Where this needs to be accessible via ordinary HTTP, port 80, to work most conveniently, even if the entire rest of the site is HTTPS-only. Furthermore, this needs to hold even for otherwise dynamically generated sites — e.g., http://build.dcbase.org/.well-known/acme-challenge/, http://builds.dcbase.org/.well-known/acme-challenge/, http://archive.dcbase.org/.well-known/acme-challenge/, and http://forum.dcbase.org/.well-known/acme-challenge/ would all need to point to that same challenge location, even if disparate PHP CMSes generate each or they ordinarily redirect to other sites (such as Google Drive).

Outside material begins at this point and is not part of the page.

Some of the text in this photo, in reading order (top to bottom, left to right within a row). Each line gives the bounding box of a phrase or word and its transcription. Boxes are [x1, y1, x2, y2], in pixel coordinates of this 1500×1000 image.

If this works, then one sees:
Parsing account key...
Parsing CSR...
Registering account...
Already registered!
Verifying dcbase.org...
dcbase.org verified!
Verifying http://www.dcbase.org...
http://www.dcbase.org verified!
Signing certificate...
Certificate signed!

When running acme-tiny.

Once this works reliably, the whole process should be run automatically as a cron job often enough to stay ahead of Let’s Encrypt’s 90-day cycle. However, one cannot renew too often:

The main limit is Certificates per Registered Domain (20 per week). A registered domain is, generally speaking, the part of the domain you purchased from your domain name registrar. For instance, in the name http://www.example.com, the registered domain is example.com. In new.blog.example.co.uk, the registered domain is example.co.uk. We use the Public Suffix List to calculate the registered domain.

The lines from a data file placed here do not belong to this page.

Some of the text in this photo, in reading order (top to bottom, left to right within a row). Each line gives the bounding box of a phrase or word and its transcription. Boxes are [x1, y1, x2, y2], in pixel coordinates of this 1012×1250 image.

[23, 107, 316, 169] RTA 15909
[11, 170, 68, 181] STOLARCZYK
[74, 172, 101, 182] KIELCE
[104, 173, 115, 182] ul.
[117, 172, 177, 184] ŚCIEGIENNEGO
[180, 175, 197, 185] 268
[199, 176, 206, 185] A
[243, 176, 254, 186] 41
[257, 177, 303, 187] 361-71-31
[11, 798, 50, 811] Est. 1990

If you have a lot of subdomains, you may want to combine them into a single certificate, up to a limit of 100 Names per Certificate. Combined with the above limit, that means you can issue certificates containing up to 2,000 unique subdomains per week. A certificate with multiple names is often called a SAN certificate, or sometimes a UCC certificate.

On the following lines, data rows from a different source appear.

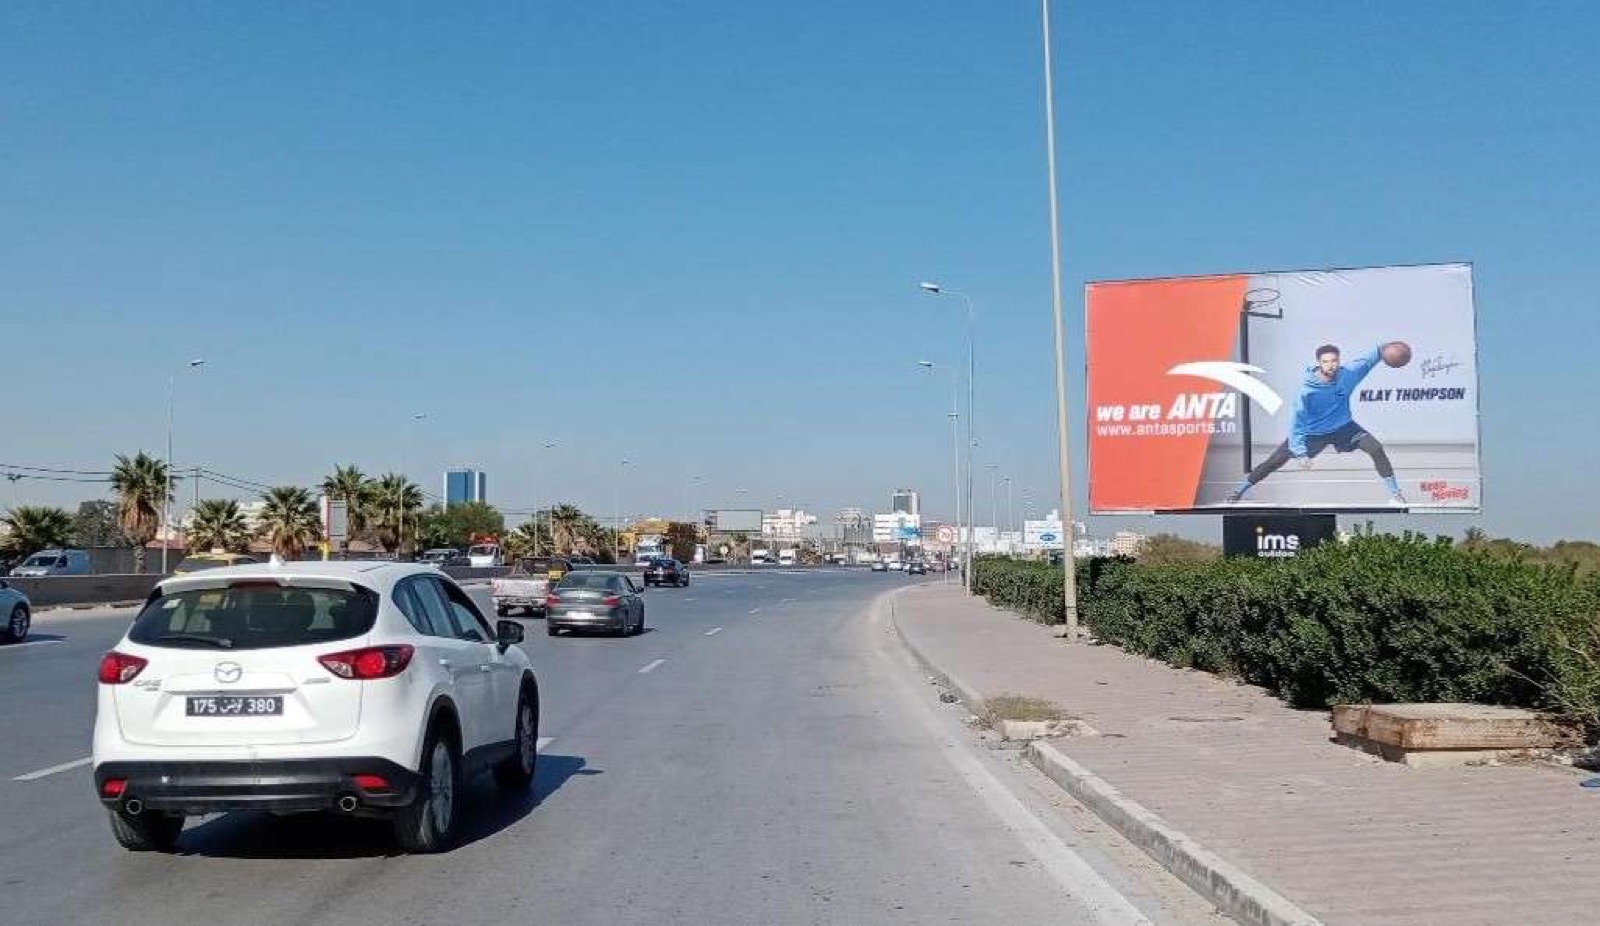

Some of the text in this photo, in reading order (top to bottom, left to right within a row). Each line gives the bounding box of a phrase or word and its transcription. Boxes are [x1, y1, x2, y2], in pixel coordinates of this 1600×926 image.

[1360, 387, 1465, 401] KLAY THOMPSON
[1097, 392, 1236, 421] we are ANTA
[1097, 420, 1236, 437] www.antasports.tn
[1256, 526, 1300, 550] ims
[193, 699, 217, 713] 175
[247, 699, 275, 712] 380

Once Let’s Encrypt certificate renewal’s configured, Strong Ciphers for Apache, nginx and Lighttpd and BetterCrypto provide reasonable recommendations, while BetterCrypto’s Crypto Hardening guide discusses more deeply rationales behind these choices.

Finally, SSL Server Test and Analyse your HTTP response headers offer sanity checks for multiple successfully secured subdomains served by nginx over HTTPS using Let’s Encrypt certificates.

Hardening DC++ Cryptography: TLS, HTTPS, and KEYP

BEAST, CRIME, BREACH, and Lucky 13 together left DC++ with no secure TLS support. Since then, the triple handshake attack, Heartbleed, POODLE for both SSL 3 and TLS, FREAK, and Logjam have multiplied hazards.

Fortunately, in the intervening year and a half, in response:

  • poy introduces direct, encrypted private messages in DC++ 0.830.
  • DC++ 0.840 sees substantial, wide-ranging improvements in KEYP and HTTPS support from Crise, anticipating Google sunsetting SHA1 by several months and detecting man-in-the-middle attempts across both KEYP and HTTPS.
  • OpenSSL 1.0.1g, included in DC++ 0.842, fixes Heartbleed.
  • DC++ 0.850 avoids CRIME and BREACH by disabling TLS compression; avoids RC4 vulnerabilities by removing support for RC4; prevents BEAST by supporting TLS 1.1 and 1.2; mitigates Lucky 13 through preferring AES-GCM ciphersuites; removes support for increasingly factorable 512-bit and 1024-bit DH and RSA ephemeral TLS keys; and with all but one ciphersuite, AES128-SHA, deprecated and included for DC++ pre-0.850 compatibility, uses either DHE or ECDHE ciphersuites to provide perfect forward secrecy, mitigating any future Heartbleed-like vulnerabilities.
  • DC++ 0.851 uses a new OpenSSL 1.0.2 API to constrain allowed elliptic curves to those for which OpenSSL provides constant-time assembly code to avoid timing side-channel attacks.

These KEYP, TLS, and HTTPS improvements have not only fixed known weaknesses, but prevent DC++ 0.850 and 0.851 from ever having been vulnerable to either FREAK or Logjam. As with perfect forward secrecy, these changes increase DC++’s ongoing security against yet-unknown cryptographic developments.

The upcoming version switches URLs in documentation, in menu items, and of the GeoIP downloads from HTTP to HTTPS. While these changes do not and cannot prevent attacks perfectly, it should now provide users with improved and still-improving cryptographic security for the benefit of all DC++ users.

DC Development hub revived

Following a two-month-long hiatus, adcs://hub.dcbase.org:16591 hosts the DC development hub again.